Eagleman explica que lo que resulta tan difícil de imaginar sobre ChatGPT es que “se ha leído todos los libros que han existido, todos los blogs y las páginas web, y recuerda todo eso. Lo que esto ilustra es que, a un nivel fundamental, nosotros somos también algo parecido a una máquina estadística, y que si copias esas estadísticas y sabes qué palabra va cerca de otra en cada texto que ha producido la humanidad, el resultado es mucho mejor de lo que habíamos imaginado”.
Mente/máquina
Una de las áreas de investigación de Eagleman son las interfaces mente/máquina, pequeños paneles de electrodos que se implantan en el cerebro para ayudar a personas ciegas o sordas. ¿Cómo consiguen estos electrodos conectar con las neuronas correctas?
“Sabemos el área que interesa controlar. Por ejemplo, si se trata de mover un brazo robótico, pinchas la zona del córtex que normalmente controla el brazo, y además no registras una neurona, sino una colección entera. En una situación normal, si alguien te pone un peso en la muñeca, no tardarás en modular tus órdenes cerebrales para mover el brazo en esa nueva situación y no tirar la taza de café, y con los pacientes pasa lo mismo. Nuestro cerebro está acostumbrado a los cambios en el cuerpo, es como si dijera: este es el objetivo que quiero alcanzar, así que ¿cómo llego allí con lo que tengo? Por eso las interfaces mente/máquina no necesitan contactar con las neuronas exactas. La persona sabe que quiere mover un brazo robótico, y encuentra cómo hacerlo”.
El córtex está hecho de unas unidades repetitivas llamadas columnas, diminutas en superficie pero con millones de neuronas en una organización estereotipada de circuitos. Se repiten una y otra vez a lo largo de todo el córtex, dice Eagleman, “como las costillas de una serpiente”. Todo el mundo está interesado en saber qué hace esa columna, esa especie de unidad básica del cerebro. Hay muchos datos, pero no entendemos aún de qué va. Según él, “lo que hace la estructura del córtex es convertir los datos en representaciones que resulten útiles para actuar en el mundo, y ello requiere abstraer los detalles”.
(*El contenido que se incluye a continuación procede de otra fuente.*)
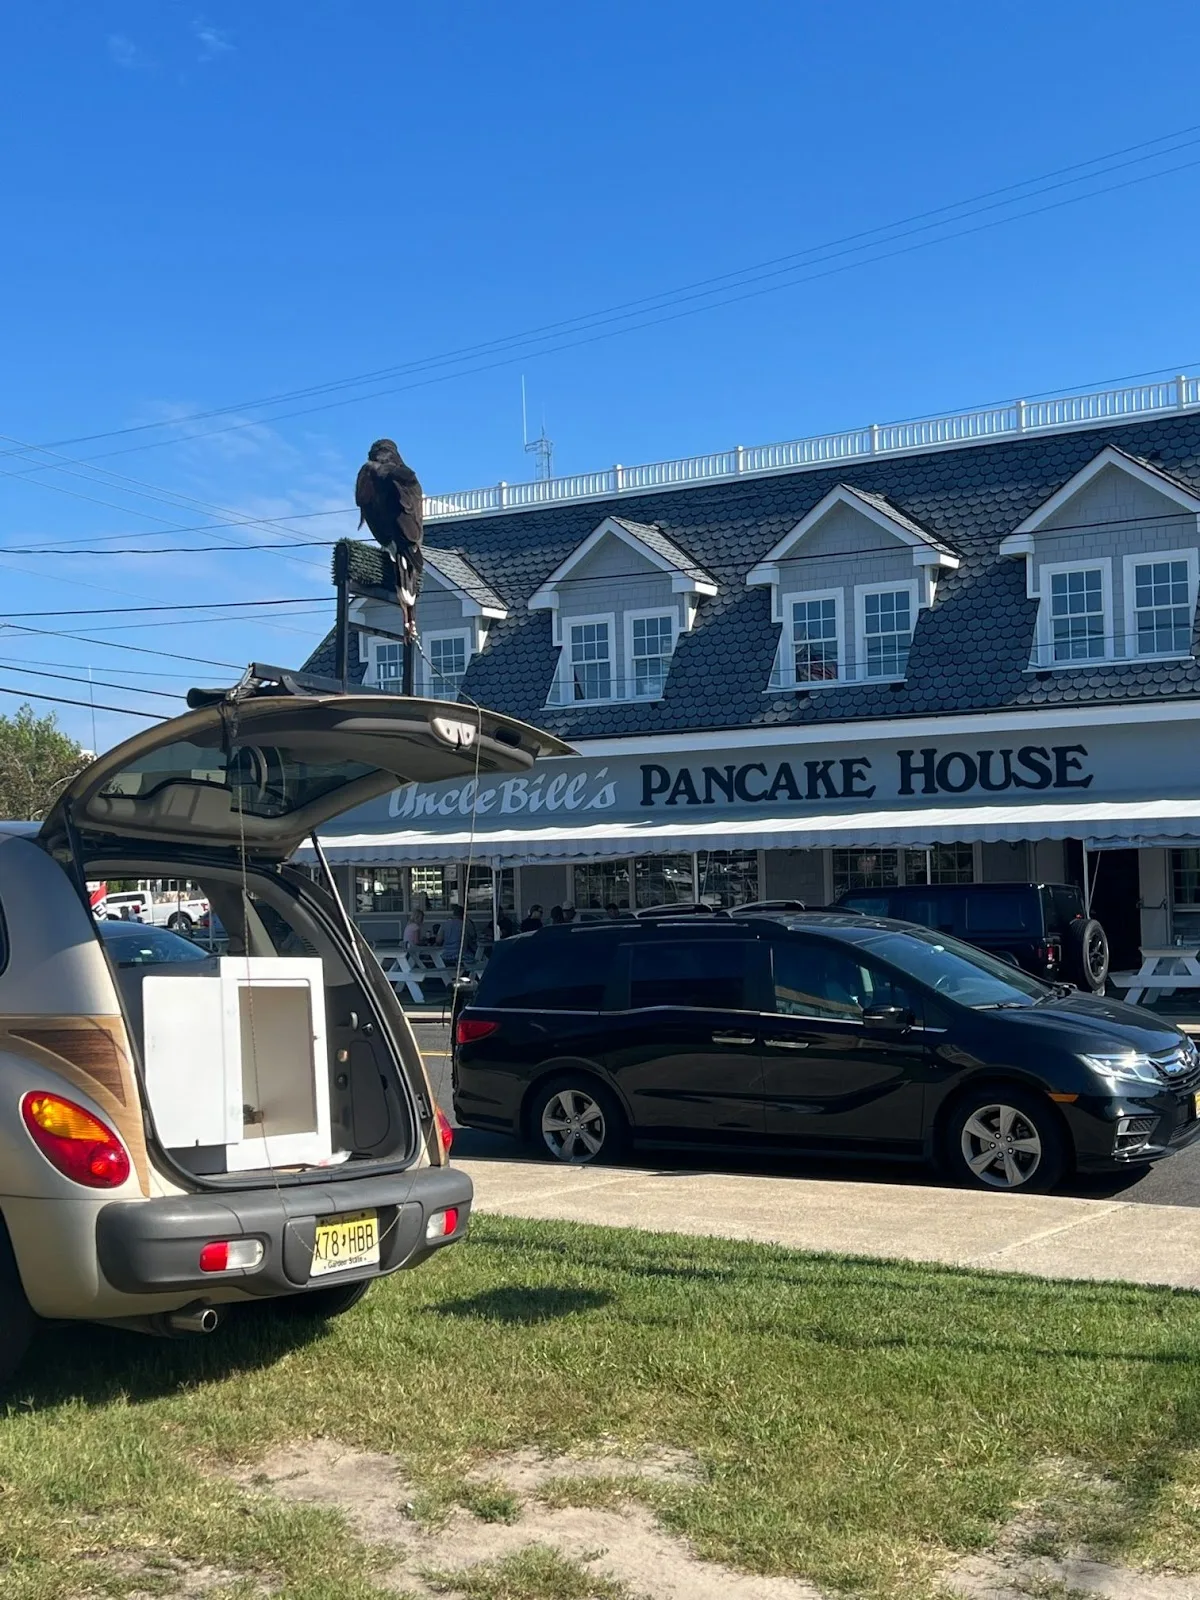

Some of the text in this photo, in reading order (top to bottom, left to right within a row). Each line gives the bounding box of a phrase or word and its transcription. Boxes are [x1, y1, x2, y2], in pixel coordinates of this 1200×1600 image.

[388, 744, 1095, 819] Uncle Bill's PANCAKE HOUSE
[348, 1224, 374, 1254] HBB
¿Alcanzarán las máquinas una forma de consciencia? “Todo el mundo tiene una opinión sobre ello, pero realmente no lo sabemos. La consciencia es el misterio central no resuelto de la neurociencia. Una idea es la hipótesis computacional, donde todo son algoritmos, y si replicamos esos algoritmos en silicio tendremos consciencia. Otras escuelas piensan que hay algo particular en la biología del cerebro que aún no hemos descubierto”.
Es increíble lo que da de sí una ensalada.